#### Material provided ####

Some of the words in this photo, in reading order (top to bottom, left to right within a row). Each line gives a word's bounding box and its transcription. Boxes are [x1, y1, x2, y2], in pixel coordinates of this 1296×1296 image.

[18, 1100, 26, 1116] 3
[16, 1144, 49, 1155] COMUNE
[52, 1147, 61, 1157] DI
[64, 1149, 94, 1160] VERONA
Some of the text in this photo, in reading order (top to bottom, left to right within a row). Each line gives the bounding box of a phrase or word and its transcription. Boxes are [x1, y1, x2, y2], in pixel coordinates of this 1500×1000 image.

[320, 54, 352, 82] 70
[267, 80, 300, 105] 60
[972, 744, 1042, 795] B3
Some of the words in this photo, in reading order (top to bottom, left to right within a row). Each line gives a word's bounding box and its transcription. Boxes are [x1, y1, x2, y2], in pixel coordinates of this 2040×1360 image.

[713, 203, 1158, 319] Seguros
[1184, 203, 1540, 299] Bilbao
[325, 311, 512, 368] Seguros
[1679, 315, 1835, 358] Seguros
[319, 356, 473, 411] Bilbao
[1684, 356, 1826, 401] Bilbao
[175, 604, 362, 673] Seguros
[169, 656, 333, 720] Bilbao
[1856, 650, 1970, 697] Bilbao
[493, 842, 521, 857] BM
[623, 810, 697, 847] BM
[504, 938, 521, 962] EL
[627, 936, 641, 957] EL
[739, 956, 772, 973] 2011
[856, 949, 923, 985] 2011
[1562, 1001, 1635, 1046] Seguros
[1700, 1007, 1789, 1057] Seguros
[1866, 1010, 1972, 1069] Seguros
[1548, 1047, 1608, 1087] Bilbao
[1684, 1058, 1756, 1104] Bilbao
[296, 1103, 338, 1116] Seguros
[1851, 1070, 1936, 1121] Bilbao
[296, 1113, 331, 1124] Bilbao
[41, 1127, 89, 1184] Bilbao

####

# Try it
Repeat every record above. Each one must match exactly.

# Worked solution
Some of the words in this photo, in reading order (top to bottom, left to right within a row). Each line gives a word's bounding box and its transcription. Boxes are [x1, y1, x2, y2], in pixel coordinates of this 1296×1296 image.

[18, 1100, 26, 1116] 3
[16, 1144, 49, 1155] COMUNE
[52, 1147, 61, 1157] DI
[64, 1149, 94, 1160] VERONA
Some of the text in this photo, in reading order (top to bottom, left to right within a row). Each line gives the bounding box of a phrase or word and its transcription. Boxes are [x1, y1, x2, y2], in pixel coordinates of this 1500×1000 image.

[320, 54, 352, 82] 70
[267, 80, 300, 105] 60
[972, 744, 1042, 795] B3
Some of the words in this photo, in reading order (top to bottom, left to right within a row). Each line gives a word's bounding box and its transcription. Boxes are [x1, y1, x2, y2], in pixel coordinates of this 2040×1360 image.

[713, 203, 1158, 319] Seguros
[1184, 203, 1540, 299] Bilbao
[325, 311, 512, 368] Seguros
[1679, 315, 1835, 358] Seguros
[319, 356, 473, 411] Bilbao
[1684, 356, 1826, 401] Bilbao
[175, 604, 362, 673] Seguros
[169, 656, 333, 720] Bilbao
[1856, 650, 1970, 697] Bilbao
[493, 842, 521, 857] BM
[623, 810, 697, 847] BM
[504, 938, 521, 962] EL
[627, 936, 641, 957] EL
[739, 956, 772, 973] 2011
[856, 949, 923, 985] 2011
[1562, 1001, 1635, 1046] Seguros
[1700, 1007, 1789, 1057] Seguros
[1866, 1010, 1972, 1069] Seguros
[1548, 1047, 1608, 1087] Bilbao
[1684, 1058, 1756, 1104] Bilbao
[296, 1103, 338, 1116] Seguros
[1851, 1070, 1936, 1121] Bilbao
[296, 1113, 331, 1124] Bilbao
[41, 1127, 89, 1184] Bilbao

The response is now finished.